EJNMMI research

Long fasting is effective in inhibiting physiological myocardial 18F-FDG uptake and for evaluating active lesions of cardiac sarcoidosis.

PMID 24382020


F-fluorodeoxyglucose (FDG) positron emission tomography (PET) is a promising modality for detecting active lesions of cardiac sarcoidosis (CS). However, determining whether 18F-FDG uptake in the myocardium is physiological is challenging due to metabolic shift in myocardial cells. Although methods for inhibiting physiological myocardial 18F-FDG uptake have been proposed, no standard methods exist. This study therefore aimed to compare the effect of an 18-h fast (long fasting (LF)) with heparin loading plus a 12-h fast (HEP) before 18F-FDG PET scan. We analyzed the effects of LF and HEP on the inhibition of physiological myocardial 18F-FDG uptake in healthy subjects (18 in HEP and 19 in LF) and in patients with known or suspected CS (96 in HEP and 69 in LF). In CS, the lower uptake of 18F-FDG in the myocardium was evaluated.

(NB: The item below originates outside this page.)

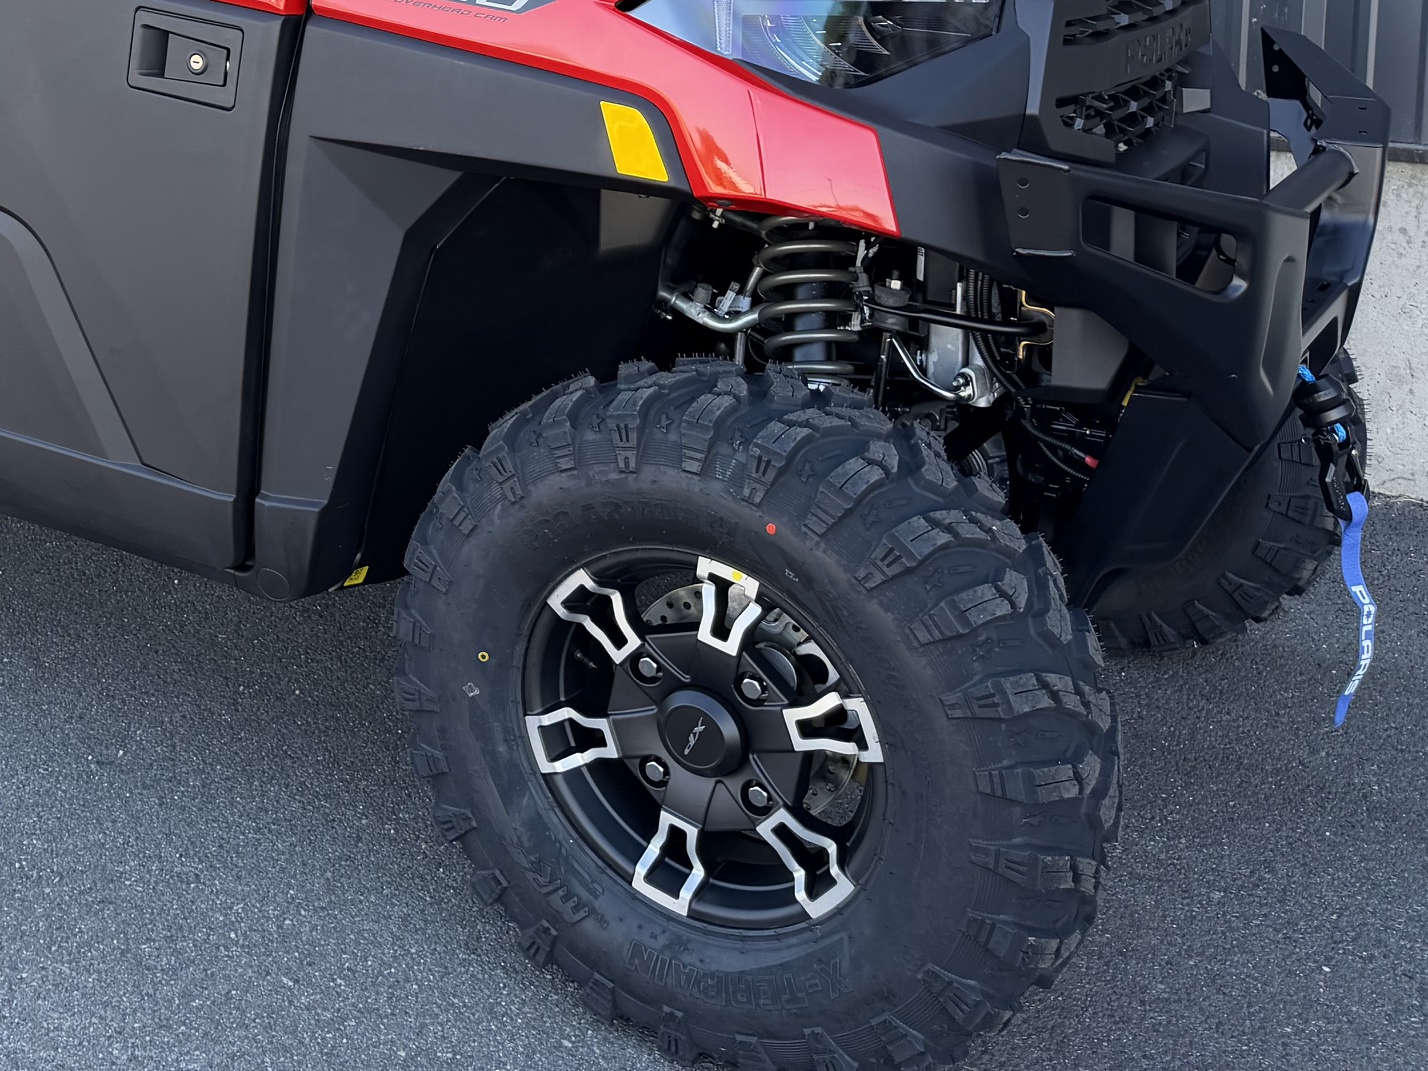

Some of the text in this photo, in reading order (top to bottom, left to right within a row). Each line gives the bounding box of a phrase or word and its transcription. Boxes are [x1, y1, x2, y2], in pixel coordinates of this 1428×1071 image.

[473, 11, 509, 23] CAM
[1343, 584, 1377, 697] POLARIS
[624, 938, 854, 1012] X-TERRAIN

A visual four-point scale was used to assess myocardial 18F-FDG uptake in comparison with hepatic uptake (1 lower, 2 similar, 3 somewhat higher, 4 noticeably higher). Myocardial 18F-FDG uptake was 1.68 ± 1.06 in LF and 3.17 ± 1.16 in HEP in healthy subjects (p < 0.0001), whereas it was 1.48 ± 0.99 in LF and 2.48 ± 1.33 in HEP in CS patients (p < 0.0001). Logistic regression and regression trees revealed the LF was the most effective in inhibiting myocardial 18F-FDG uptake. In addition, serum free fatty acid levels on intravenous 18F-FDG injection were a possible biomarker. LF is effective in inhibiting myocardial 18F-FDG uptake, and consequently, it could be useful for evaluating active lesions of CS in 18F-FDG PET images.